Topic: Possible virus Help please

[Der_Rabe]

I am running the last version e-smith (6.0.1 i think)produced before contribs bought the rights.  I have been having a problem over the last few days where I am getting thousands of returned email to my admin account and they appear to be coming from anonymous@mysite.com.  This account does not exist and I am running clam virus protection but I dont know what to do for this.  I have thourghly check the other computers connected to the SME server for all viruses and they all come up clean.  So I am thinking that the server might be infected.  But how else can you run a virus scan other then clam on the box it self any help greatly appreciated

[guest22]

I think Clam is doing it's job just fine.

[Der_Rabe]

So what could be cuasing my problem becuase it apears that my server is sending out the original emails and all the emails I get are telling me to unknown email address

[Jon_Reynolds]

Have you looked at the message headers from the email you are receiving? This will tell you were for sure it is coming from. If you have a windows machine on your network then I would look to that for viruses, AFAIK, there are no viruses for Linux except for a proof of concept virus I read about a few years ago.

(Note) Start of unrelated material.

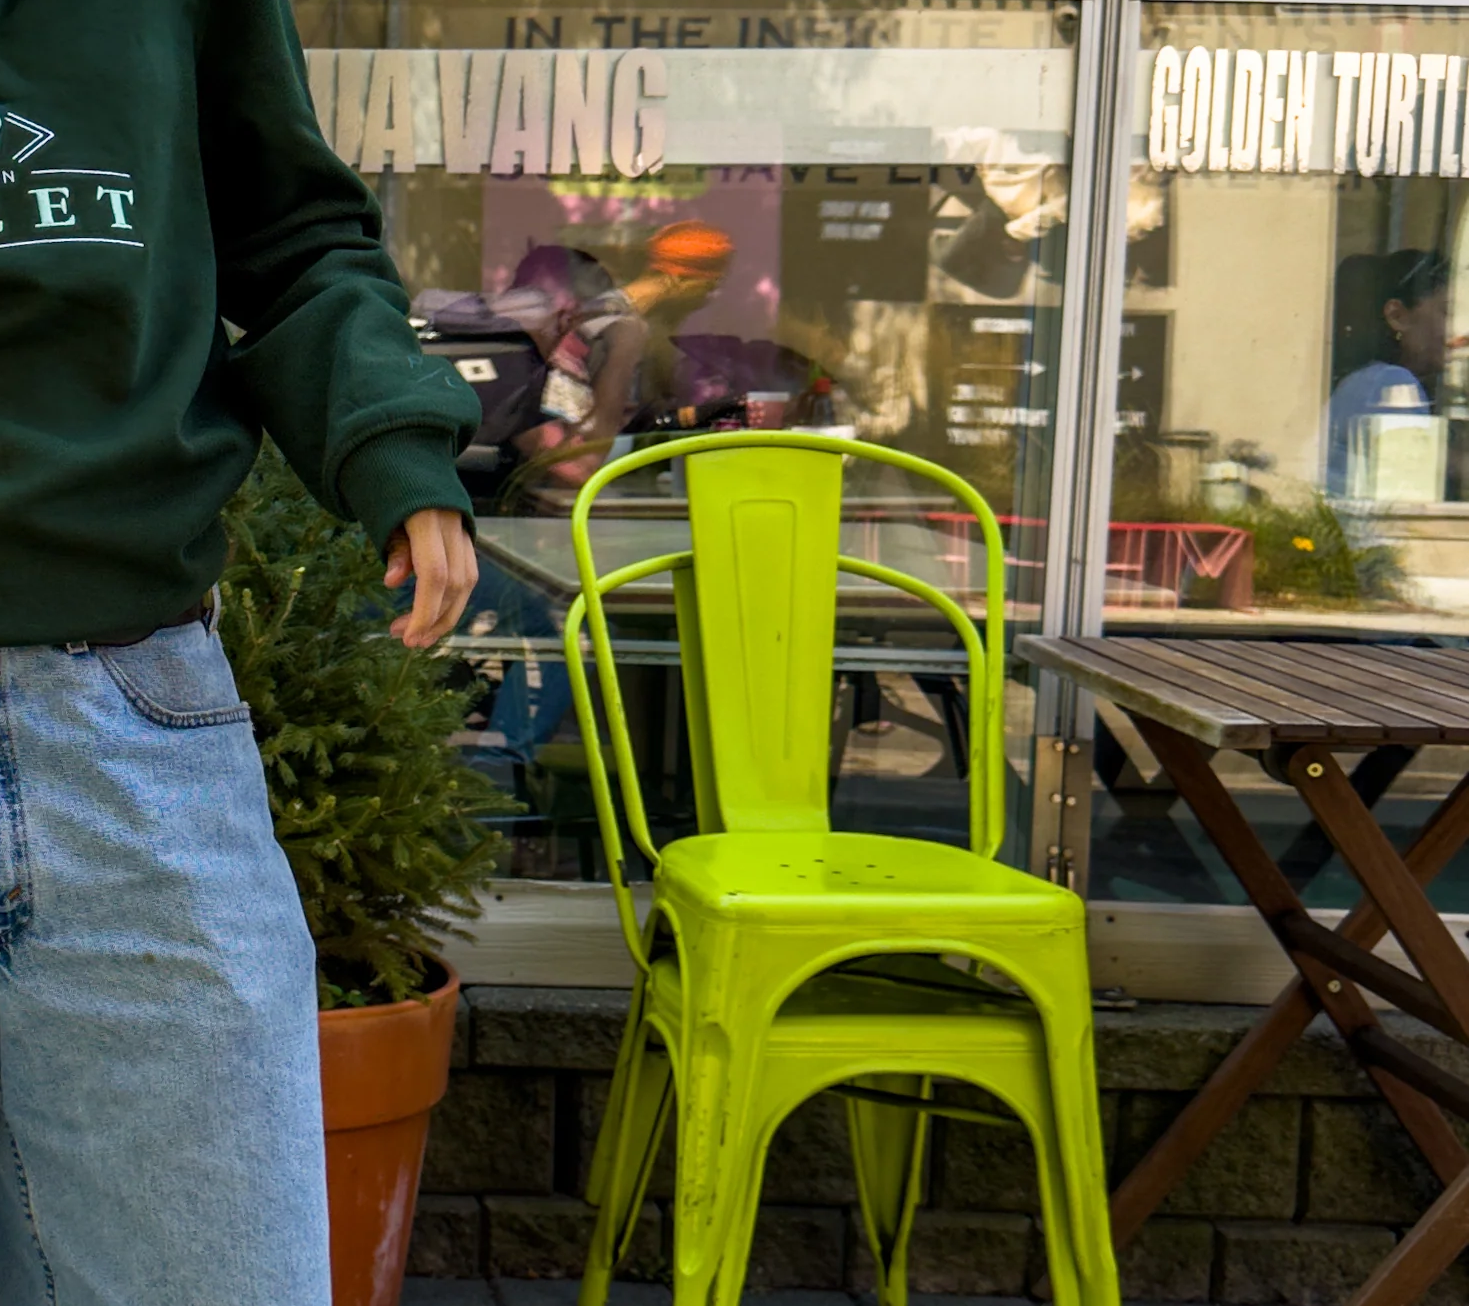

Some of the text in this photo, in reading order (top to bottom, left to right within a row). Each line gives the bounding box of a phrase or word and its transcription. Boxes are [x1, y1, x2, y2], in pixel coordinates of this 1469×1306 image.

[504, 15, 564, 49] IN
[592, 15, 712, 49] THE
[437, 47, 669, 179] VANG
[1148, 44, 1318, 173] GOLDEN

If you are not able to understand the headers then paste it in here and someone will be able to help you.

Hope that helps,

Jon

[CharlieBrady]

I am running the last version e-smith (6.0.1 i think)produced before contribs bought the rights.

contribs did not buy the rights to anything. They were "given custody of" all of the forum posts from the e-smith boards, but they hold those in trust for the community - they aren't "owned" by contribs (and certainly weren't bought). The ownership rights to the software still lies with the various original authors.

I have been having a problem over the last few days where I am getting thousands of returned email to my admin account and they appear to be coming from anonymous@mysite.com.

There's every chance those returned emails have nothing to do with your server - they just happen to be the result of forged spam which happened to use your server's domain name in the from address. But you'd need to examine the full headers of those messages to determine where they have come from and why. I'm sure if you search you'll find good advice on the web as to how to interpret bounced email messages.